How’s Daddy? Riggo is still doing great. He handled the Redskins’ defeat in the playoffs with lots of maturity and optimism (ok, and a little anger at the coaching staff for not pulling RGIII out of the game before he injured himself further, potentially affecting next season). Now he’s just busy with work and handling the hired
idiots guys that have been doing our nursery renovations and other home improvement projects in the past few weeks (one of the guys used the inside of Cozy’s made-up crib as a place to put his tools when we wasn’t using them… twice. I was miffed, to say the least.) Riggo is just as excited about Cozy’s arrival as I am. And he’s taking two weeks off work so he can spend all of his time with us!

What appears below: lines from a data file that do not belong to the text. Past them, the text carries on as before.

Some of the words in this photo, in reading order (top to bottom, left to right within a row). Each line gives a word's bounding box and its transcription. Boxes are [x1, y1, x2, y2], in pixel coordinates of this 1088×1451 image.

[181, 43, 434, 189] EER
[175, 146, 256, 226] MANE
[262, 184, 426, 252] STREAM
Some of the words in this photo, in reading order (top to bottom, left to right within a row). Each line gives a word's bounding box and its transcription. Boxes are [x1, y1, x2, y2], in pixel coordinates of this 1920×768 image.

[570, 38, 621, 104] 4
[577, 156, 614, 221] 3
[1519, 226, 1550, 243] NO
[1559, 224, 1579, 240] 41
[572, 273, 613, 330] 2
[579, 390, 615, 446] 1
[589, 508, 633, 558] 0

Nursery: Finally! It’s finished! I just have a few throw pillows to make for the window seat, a lampshade to re-cover with fabric, and, when she gets here to stay until Cozy’s arrival, my Mom is going to paint a tree and a few small animals on the wall across from the crib. My mom is very creative and quite the artist, so we’re excited to have her recreate the look that you’ll see in the picture below (we already have the little “branch” shelves, thanks to the woodworking talents of my father.) I love that this nursery has been a team effort! And I am so proud of how well it’s turned out! I absolutely love it. Here are the before pics:
Aaaand, the after pics: (Notice the nasty dog-chewed carpet has been replaced by beautiful, hand-scraped hardwood laminate flooring. The giant giraffe’s name is Jo-Jo (or Josephine, depending who you ask)… giraffe’s have been my favorite animal since I was a child, so I had to have her. Also, marvel at my craftiness… I made the Animal Alphabet art project above the crib, the window treatment (I’m in love with this fabric), the window seat cushion, and the two little owls on the shelves, who will eventually be perched on the little tree branch shelves on the wall above the glider and changing table. It was so much fun to do! I’m so happy with it, I can hardly stand it. I just wander into her room all the time now, and daydream.

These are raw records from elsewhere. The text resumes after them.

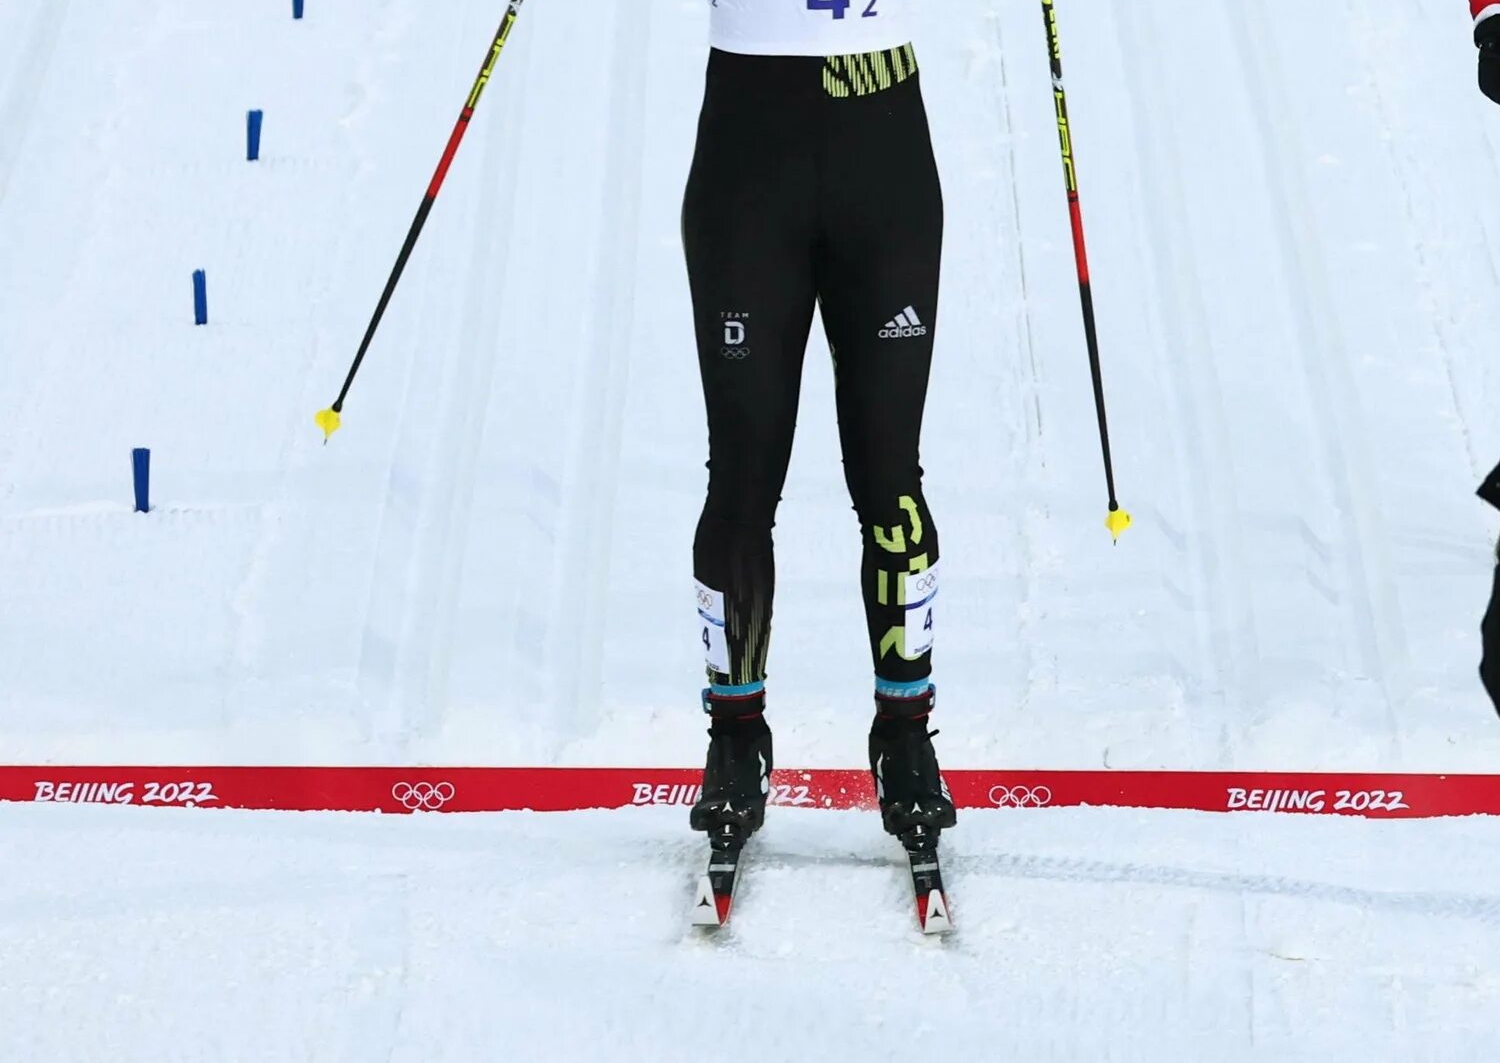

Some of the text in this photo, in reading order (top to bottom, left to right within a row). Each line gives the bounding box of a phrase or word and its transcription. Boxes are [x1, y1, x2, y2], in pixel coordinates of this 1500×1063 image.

[878, 325, 927, 339] adidas
[923, 606, 933, 631] 4
[702, 626, 711, 652] 4
[34, 780, 220, 805] BEIJING 2022
[632, 783, 816, 806] BEIJI 022
[1226, 787, 1411, 813] BEIJING 2022
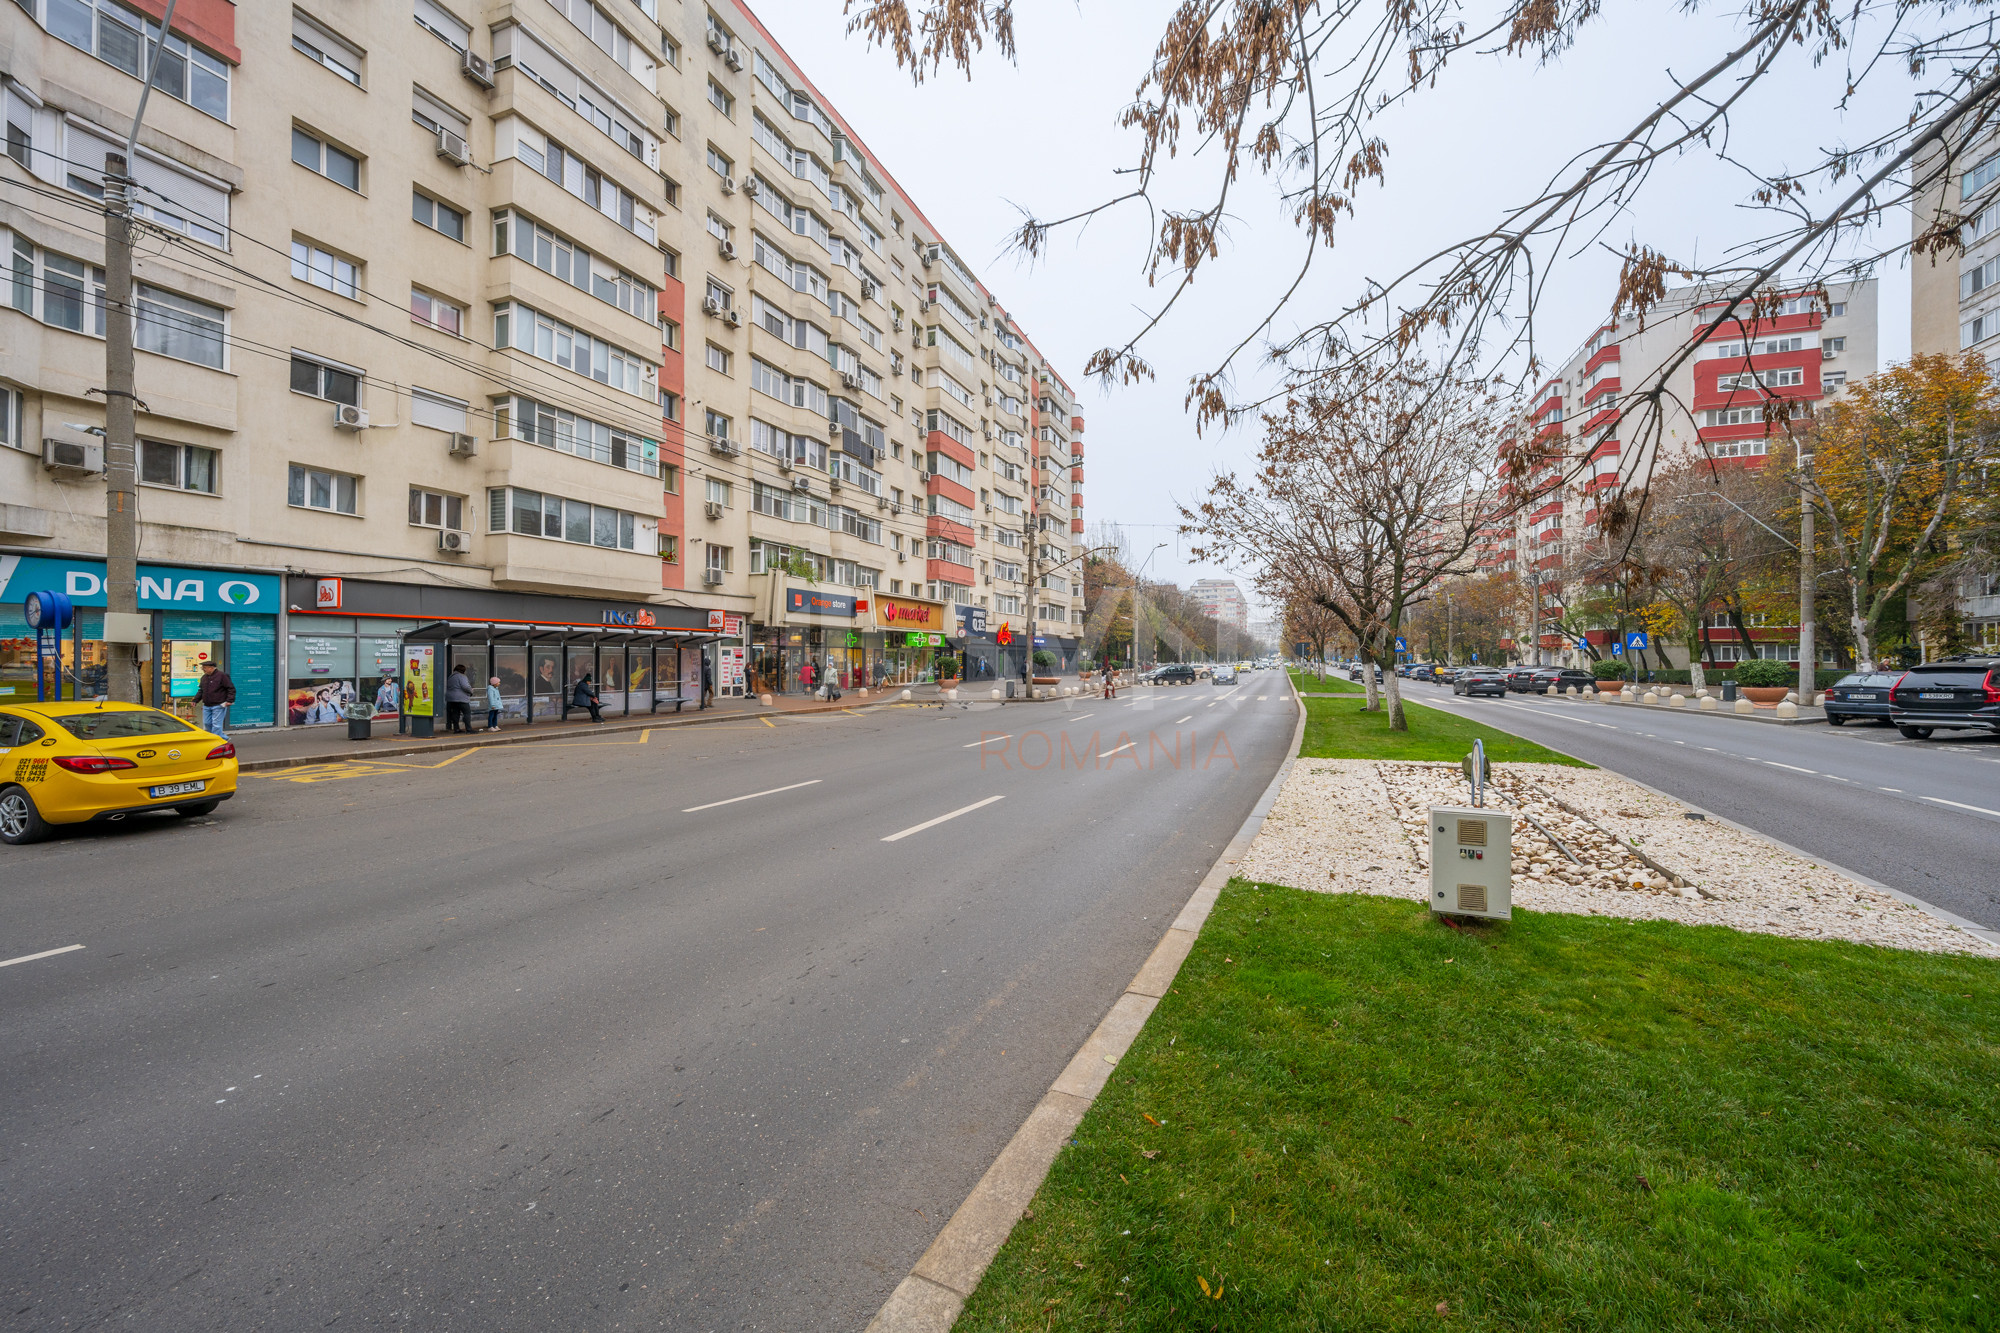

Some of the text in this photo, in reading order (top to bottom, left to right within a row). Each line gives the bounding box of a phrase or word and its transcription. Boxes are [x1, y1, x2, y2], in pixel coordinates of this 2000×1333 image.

Like I said, there are a few more details that I still have to finish, but we’re pretty much ready. What do you think?
Well, I guess that’s all for now:) If I’m honest, I probably won’t have time (or energy) to post again for a while… I’ll be back, but it will certainly be after the birth of our daughter. So wish me luck and thanks so much for all of your support!
You are all in my thoughts and prayers… always.